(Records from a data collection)
==*==
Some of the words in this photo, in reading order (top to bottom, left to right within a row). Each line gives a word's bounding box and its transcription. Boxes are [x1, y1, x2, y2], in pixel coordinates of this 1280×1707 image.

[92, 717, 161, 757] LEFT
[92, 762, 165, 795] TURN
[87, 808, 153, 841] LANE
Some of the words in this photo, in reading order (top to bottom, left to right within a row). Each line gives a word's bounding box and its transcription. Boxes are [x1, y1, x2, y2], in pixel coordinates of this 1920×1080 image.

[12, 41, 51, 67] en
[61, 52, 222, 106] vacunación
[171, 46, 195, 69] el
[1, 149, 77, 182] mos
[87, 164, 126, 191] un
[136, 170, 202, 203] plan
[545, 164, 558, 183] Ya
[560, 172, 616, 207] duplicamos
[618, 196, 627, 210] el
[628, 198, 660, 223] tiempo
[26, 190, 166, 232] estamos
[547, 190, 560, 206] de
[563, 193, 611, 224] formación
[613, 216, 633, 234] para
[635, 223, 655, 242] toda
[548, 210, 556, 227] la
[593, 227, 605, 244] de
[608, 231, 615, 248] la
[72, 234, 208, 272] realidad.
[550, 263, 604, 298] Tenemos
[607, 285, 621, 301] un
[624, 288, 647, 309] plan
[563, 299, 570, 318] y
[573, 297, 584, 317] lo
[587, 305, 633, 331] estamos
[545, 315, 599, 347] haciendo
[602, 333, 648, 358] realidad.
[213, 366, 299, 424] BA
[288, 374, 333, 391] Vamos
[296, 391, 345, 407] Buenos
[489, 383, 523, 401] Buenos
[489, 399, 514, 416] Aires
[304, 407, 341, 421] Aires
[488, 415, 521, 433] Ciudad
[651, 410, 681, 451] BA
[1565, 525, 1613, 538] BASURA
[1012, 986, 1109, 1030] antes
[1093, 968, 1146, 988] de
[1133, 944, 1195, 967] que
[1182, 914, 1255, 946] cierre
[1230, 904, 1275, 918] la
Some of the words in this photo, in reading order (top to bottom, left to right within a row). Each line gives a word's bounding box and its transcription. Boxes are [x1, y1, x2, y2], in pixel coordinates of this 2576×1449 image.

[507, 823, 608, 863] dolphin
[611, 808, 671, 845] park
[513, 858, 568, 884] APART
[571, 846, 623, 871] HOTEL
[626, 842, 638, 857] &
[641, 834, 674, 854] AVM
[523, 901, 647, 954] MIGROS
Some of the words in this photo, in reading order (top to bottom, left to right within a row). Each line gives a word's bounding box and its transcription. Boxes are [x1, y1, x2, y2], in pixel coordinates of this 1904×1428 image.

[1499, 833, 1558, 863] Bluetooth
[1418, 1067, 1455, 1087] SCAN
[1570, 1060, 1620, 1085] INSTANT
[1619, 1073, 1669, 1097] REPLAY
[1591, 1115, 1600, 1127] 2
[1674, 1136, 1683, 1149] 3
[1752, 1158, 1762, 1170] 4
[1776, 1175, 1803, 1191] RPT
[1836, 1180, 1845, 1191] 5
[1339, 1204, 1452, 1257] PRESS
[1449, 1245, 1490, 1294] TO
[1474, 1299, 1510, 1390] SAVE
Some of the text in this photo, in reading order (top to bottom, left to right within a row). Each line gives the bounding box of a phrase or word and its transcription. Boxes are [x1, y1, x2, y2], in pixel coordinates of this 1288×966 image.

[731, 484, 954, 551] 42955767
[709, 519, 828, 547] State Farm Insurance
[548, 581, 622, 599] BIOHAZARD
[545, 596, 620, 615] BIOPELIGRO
==*==
Requirement
Repeat every record exactly, so that nothing is lost or altered.

Answer below
Some of the words in this photo, in reading order (top to bottom, left to right within a row). Each line gives a word's bounding box and its transcription. Boxes are [x1, y1, x2, y2], in pixel coordinates of this 1280×1707 image.

[92, 717, 161, 757] LEFT
[92, 762, 165, 795] TURN
[87, 808, 153, 841] LANE
Some of the words in this photo, in reading order (top to bottom, left to right within a row). Each line gives a word's bounding box and its transcription. Boxes are [x1, y1, x2, y2], in pixel coordinates of this 1920×1080 image.

[12, 41, 51, 67] en
[61, 52, 222, 106] vacunación
[171, 46, 195, 69] el
[1, 149, 77, 182] mos
[87, 164, 126, 191] un
[136, 170, 202, 203] plan
[545, 164, 558, 183] Ya
[560, 172, 616, 207] duplicamos
[618, 196, 627, 210] el
[628, 198, 660, 223] tiempo
[26, 190, 166, 232] estamos
[547, 190, 560, 206] de
[563, 193, 611, 224] formación
[613, 216, 633, 234] para
[635, 223, 655, 242] toda
[548, 210, 556, 227] la
[593, 227, 605, 244] de
[608, 231, 615, 248] la
[72, 234, 208, 272] realidad.
[550, 263, 604, 298] Tenemos
[607, 285, 621, 301] un
[624, 288, 647, 309] plan
[563, 299, 570, 318] y
[573, 297, 584, 317] lo
[587, 305, 633, 331] estamos
[545, 315, 599, 347] haciendo
[602, 333, 648, 358] realidad.
[213, 366, 299, 424] BA
[288, 374, 333, 391] Vamos
[296, 391, 345, 407] Buenos
[489, 383, 523, 401] Buenos
[489, 399, 514, 416] Aires
[304, 407, 341, 421] Aires
[488, 415, 521, 433] Ciudad
[651, 410, 681, 451] BA
[1565, 525, 1613, 538] BASURA
[1012, 986, 1109, 1030] antes
[1093, 968, 1146, 988] de
[1133, 944, 1195, 967] que
[1182, 914, 1255, 946] cierre
[1230, 904, 1275, 918] la
Some of the words in this photo, in reading order (top to bottom, left to right within a row). Each line gives a word's bounding box and its transcription. Boxes are [x1, y1, x2, y2], in pixel coordinates of this 2576×1449 image.

[507, 823, 608, 863] dolphin
[611, 808, 671, 845] park
[513, 858, 568, 884] APART
[571, 846, 623, 871] HOTEL
[626, 842, 638, 857] &
[641, 834, 674, 854] AVM
[523, 901, 647, 954] MIGROS
Some of the words in this photo, in reading order (top to bottom, left to right within a row). Each line gives a word's bounding box and its transcription. Boxes are [x1, y1, x2, y2], in pixel coordinates of this 1904×1428 image.

[1499, 833, 1558, 863] Bluetooth
[1418, 1067, 1455, 1087] SCAN
[1570, 1060, 1620, 1085] INSTANT
[1619, 1073, 1669, 1097] REPLAY
[1591, 1115, 1600, 1127] 2
[1674, 1136, 1683, 1149] 3
[1752, 1158, 1762, 1170] 4
[1776, 1175, 1803, 1191] RPT
[1836, 1180, 1845, 1191] 5
[1339, 1204, 1452, 1257] PRESS
[1449, 1245, 1490, 1294] TO
[1474, 1299, 1510, 1390] SAVE
Some of the text in this photo, in reading order (top to bottom, left to right within a row). Each line gives the bounding box of a phrase or word and its transcription. Boxes are [x1, y1, x2, y2], in pixel coordinates of this 1288×966 image.

[731, 484, 954, 551] 42955767
[709, 519, 828, 547] State Farm Insurance
[548, 581, 622, 599] BIOHAZARD
[545, 596, 620, 615] BIOPELIGRO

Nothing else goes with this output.